Whether is strategizing to help clients accrue savings to buy a house or fund a college education, retirement planning or long-term care planning, advisors spend ample time engaging with clients in various planning pursuits.
Experienced advisors know that there are some elements of planning that are uniform and applicable from one client to the next. Others are not and as such, advisors need a credible plan of attack when to bolstering planning services offered to clients.
Fortunately, these are simple strategies and include familiar points such as getting to know a client’s family, taking the drag out of the onboarding process and prioritizing a client’s time. Other ideas include prioritizing ongoing delivery of value and leveraging experts to bolster the value-add proposition.
Family Matters, Time Considerations
It should be intuitive and the great wealth transfer provides a compelling reason to do this, advisors should truly take the time to get to know the client’s family. It’s the right thing to do and could lead to longer-lasting, cross-generational relationships.

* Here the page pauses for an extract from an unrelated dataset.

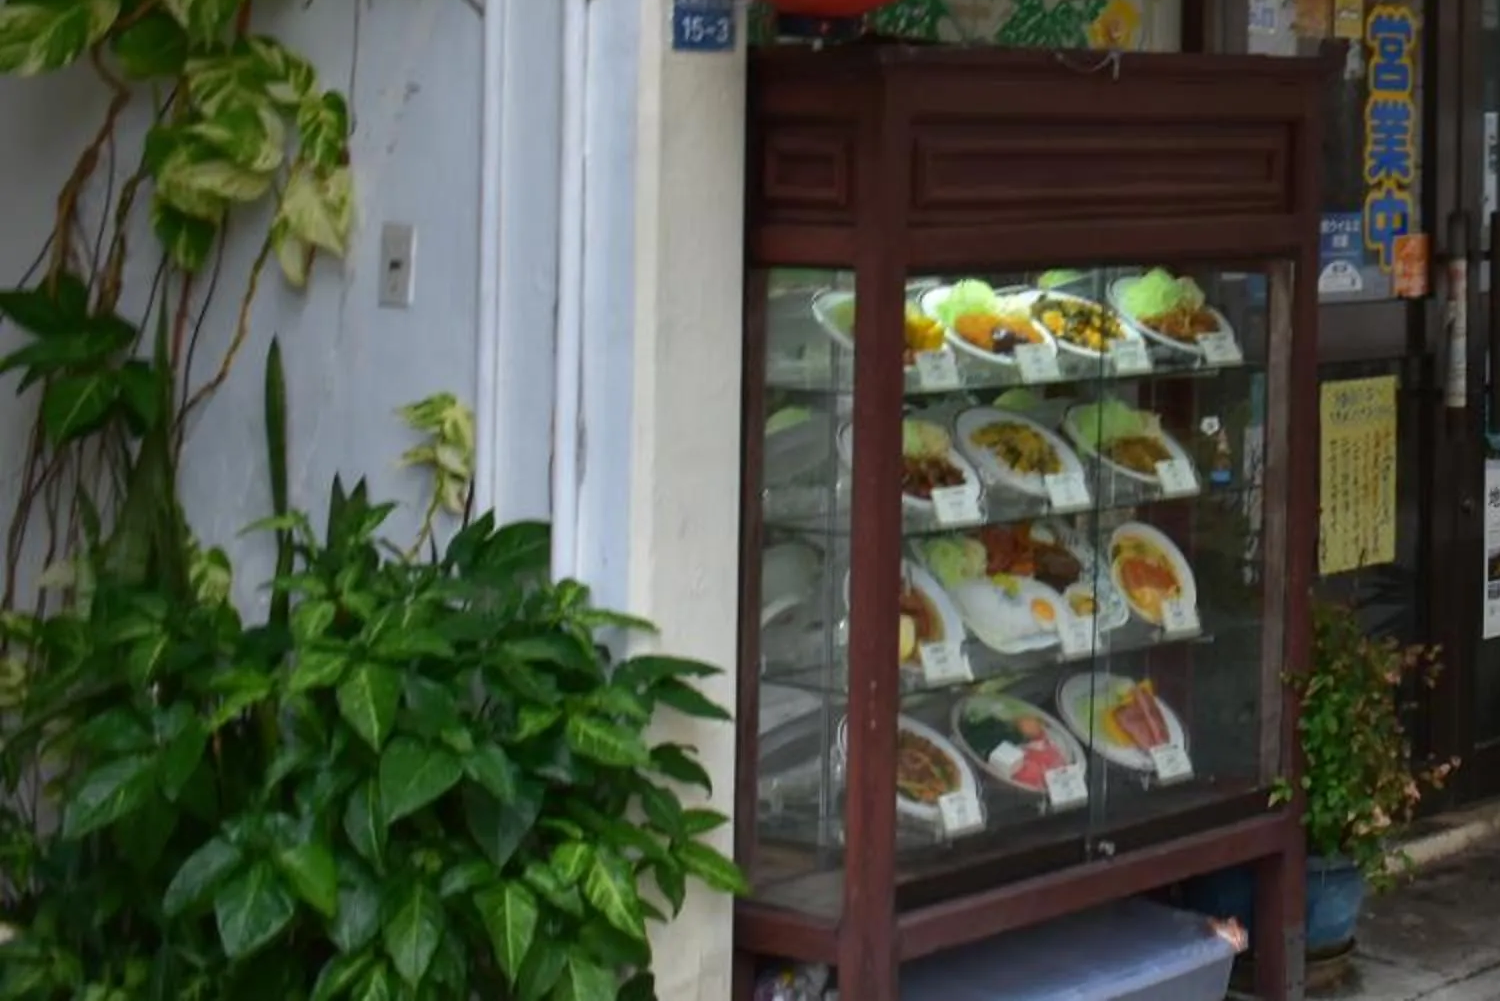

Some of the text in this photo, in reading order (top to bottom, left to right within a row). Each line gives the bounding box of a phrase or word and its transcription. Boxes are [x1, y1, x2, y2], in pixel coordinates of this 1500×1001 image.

“Leverage a values assessment tool across the family to gain a better understanding of their perspectives on money. Start first with spouses, then extend out to heirs. You can position yourself as a trusted collaborator in helping them identify similarities, differences, and opportunities to align,” according to Fidelity.

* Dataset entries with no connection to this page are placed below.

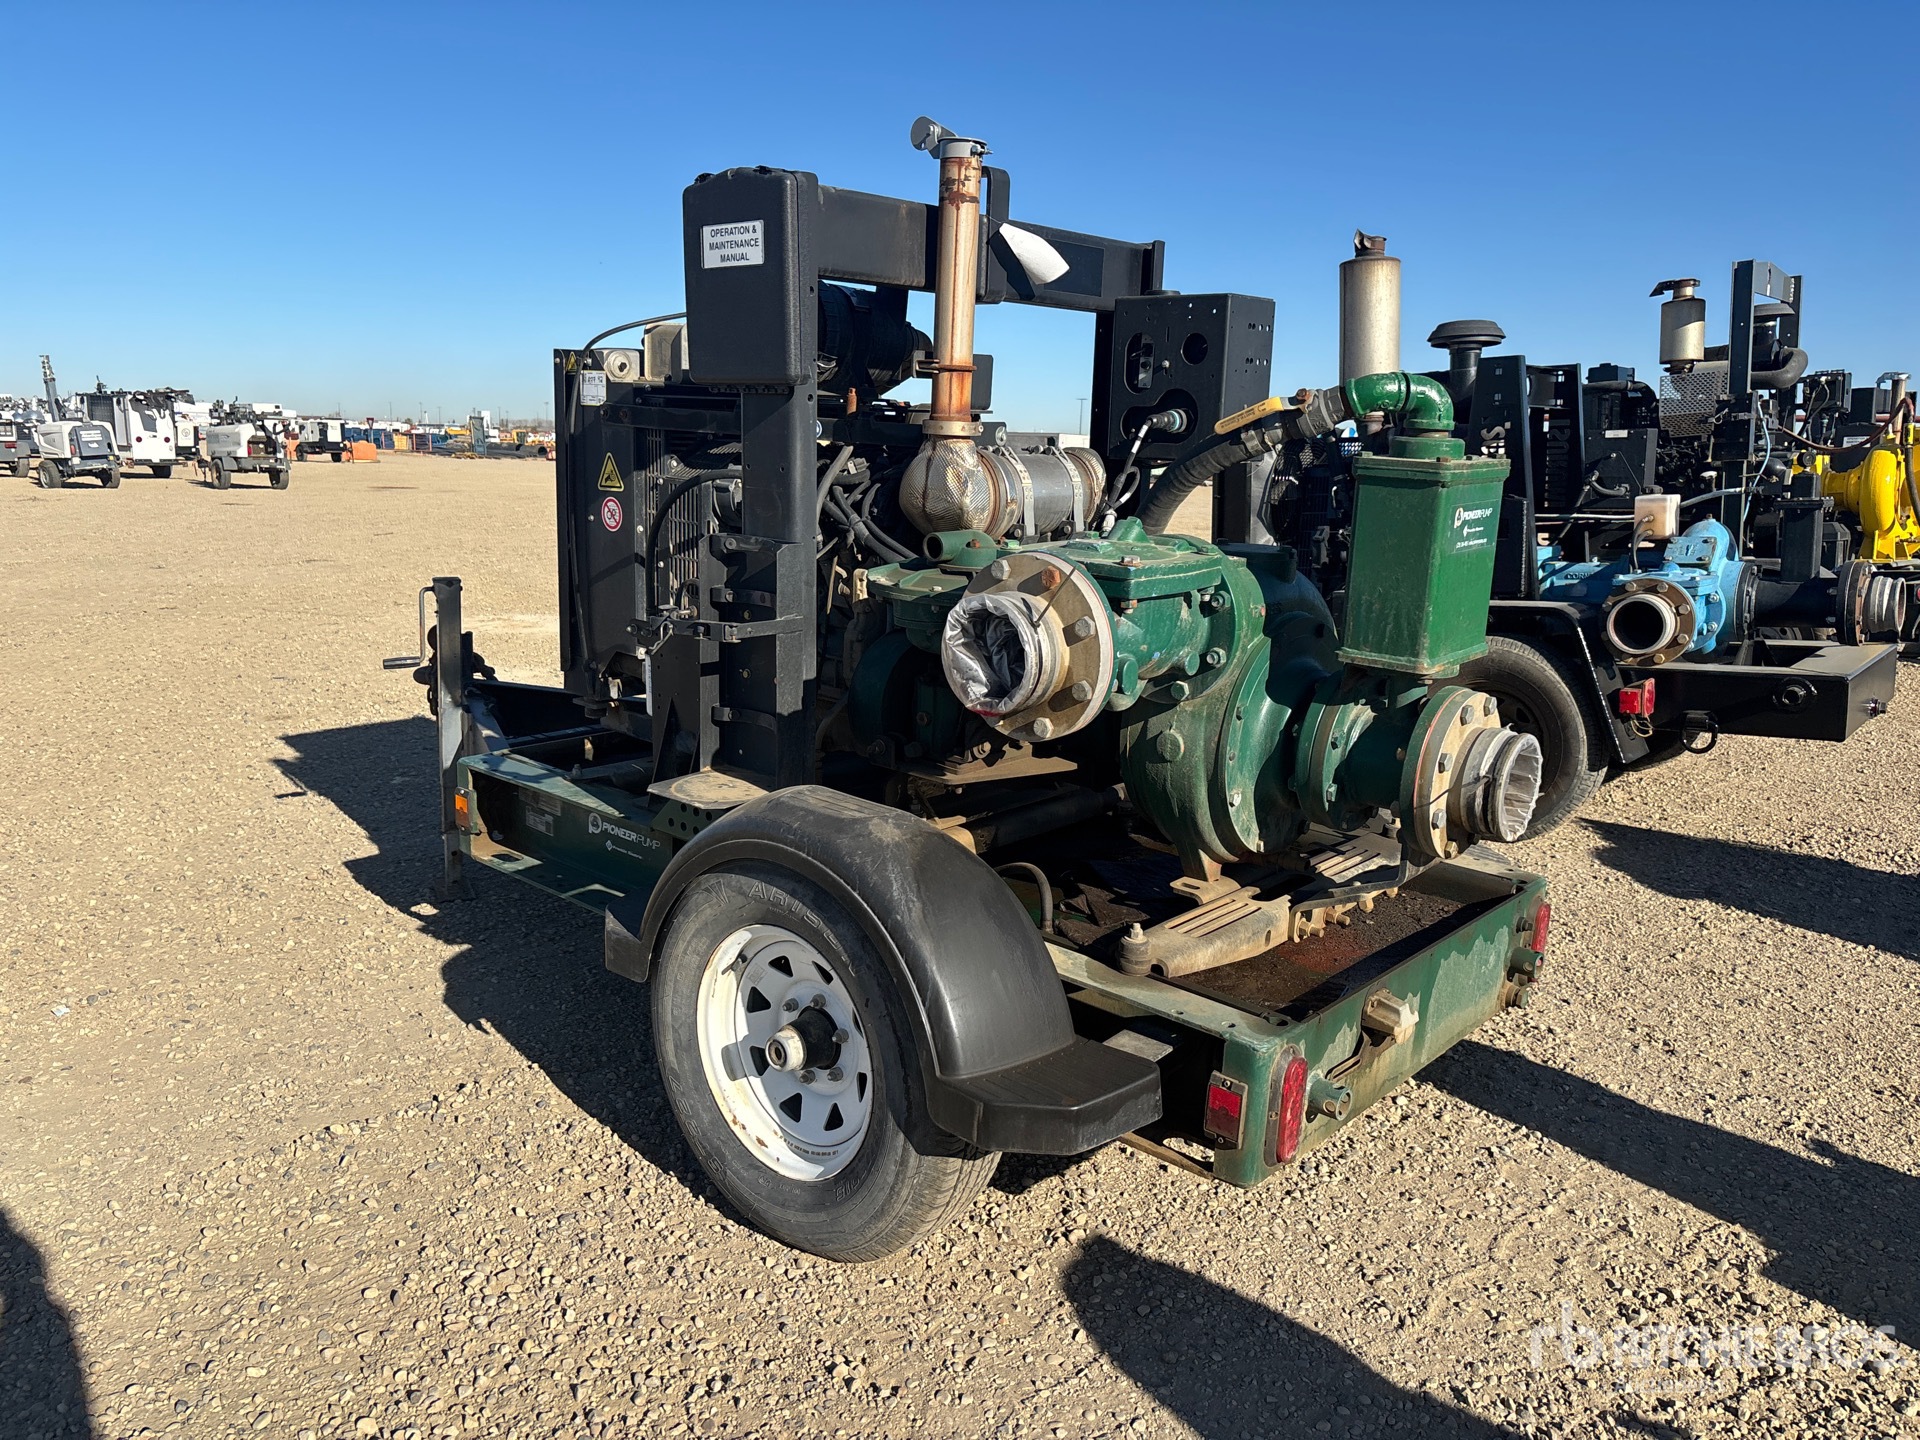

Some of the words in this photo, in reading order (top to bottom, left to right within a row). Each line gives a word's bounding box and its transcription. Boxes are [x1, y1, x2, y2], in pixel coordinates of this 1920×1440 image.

[710, 225, 750, 238] OPERATION
[751, 224, 757, 234] &
[708, 237, 760, 251] MAINTENANCE
[720, 252, 750, 263] MANUAL
[601, 821, 661, 850] PIONEERPUMP

Fidelity also highlights the value of respecting a client’s time and that can manifest itself in various ways, including the onboarding process. This part of the relationship can be onerous for advisors and clients alike, but those burdens can be ameliorated. Advisors can implement effective, easy-to-deploy strategies that could ensure relationships start on the right foot.

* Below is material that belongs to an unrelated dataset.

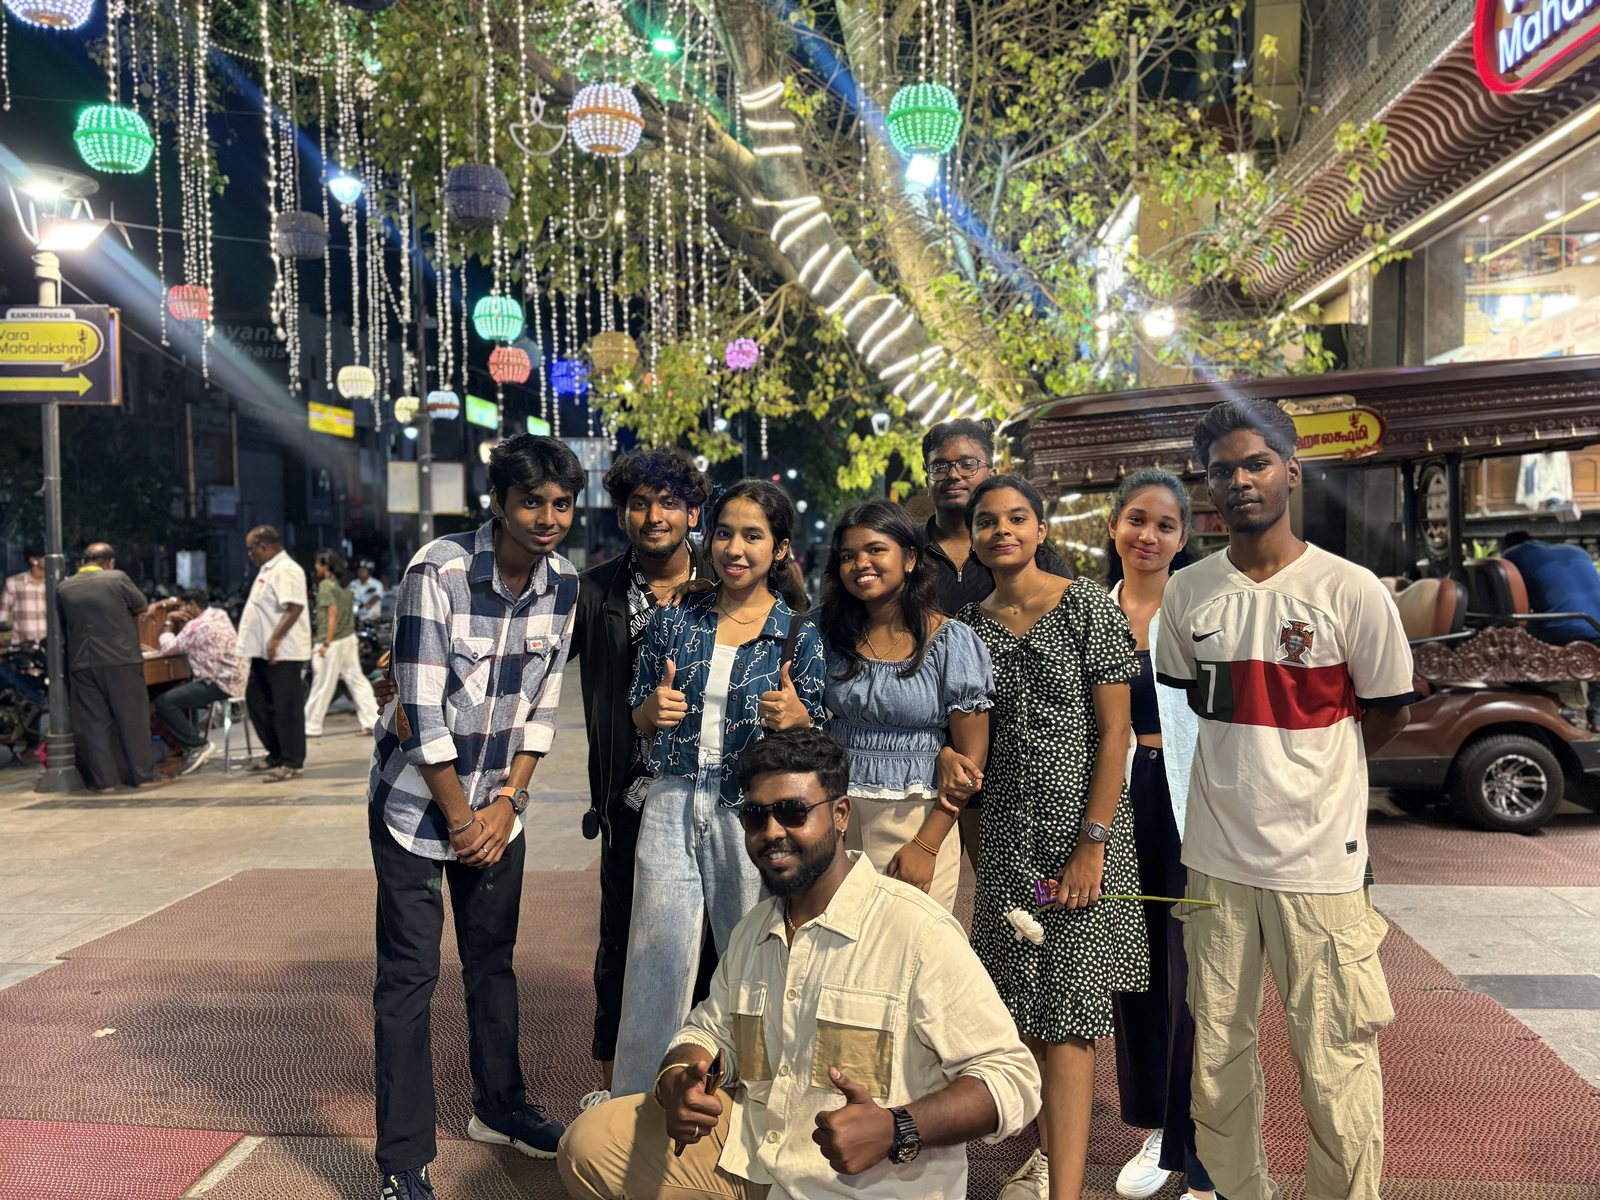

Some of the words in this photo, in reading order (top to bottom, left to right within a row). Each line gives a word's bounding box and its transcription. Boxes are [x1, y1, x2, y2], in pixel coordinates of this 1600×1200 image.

“Gather as much information as you can in your first meeting: income, expenses, age, family, health factors. This can also provide an early indicator of the client’s financial awareness and organization skills,” adds Fidelity. “Break down their work into bite-size chunks. If their primary goals center on retirement, perhaps start with 401(k) and investment statements at the first meeting. If they express concerns about debt, start with loan statements and bank account information.”
Value for the Long-Term
Earning business is one thing. Keep that client (and their family) around for the long-term is another ballgame and one that cannot be taken for granted. The good news is that it’s a relatively easy goal to accomplish. Advisors can add value in a variety of ways, including helping clients identify issues with self-discipline and ability to stick to solid financial plans.
Likewise, advisors’ roles as part-time financial psychologists should not be diminished because when wearing that hat, advisors learn more about how clients view money and related behaviors – all of which are instructive in building more fruitful relationships.
“Conversations around money are often paired with fears. Ask clients direct questions about their fears, and help them understand how they may limit their perspectives and reduce action,” concludes Fidelity.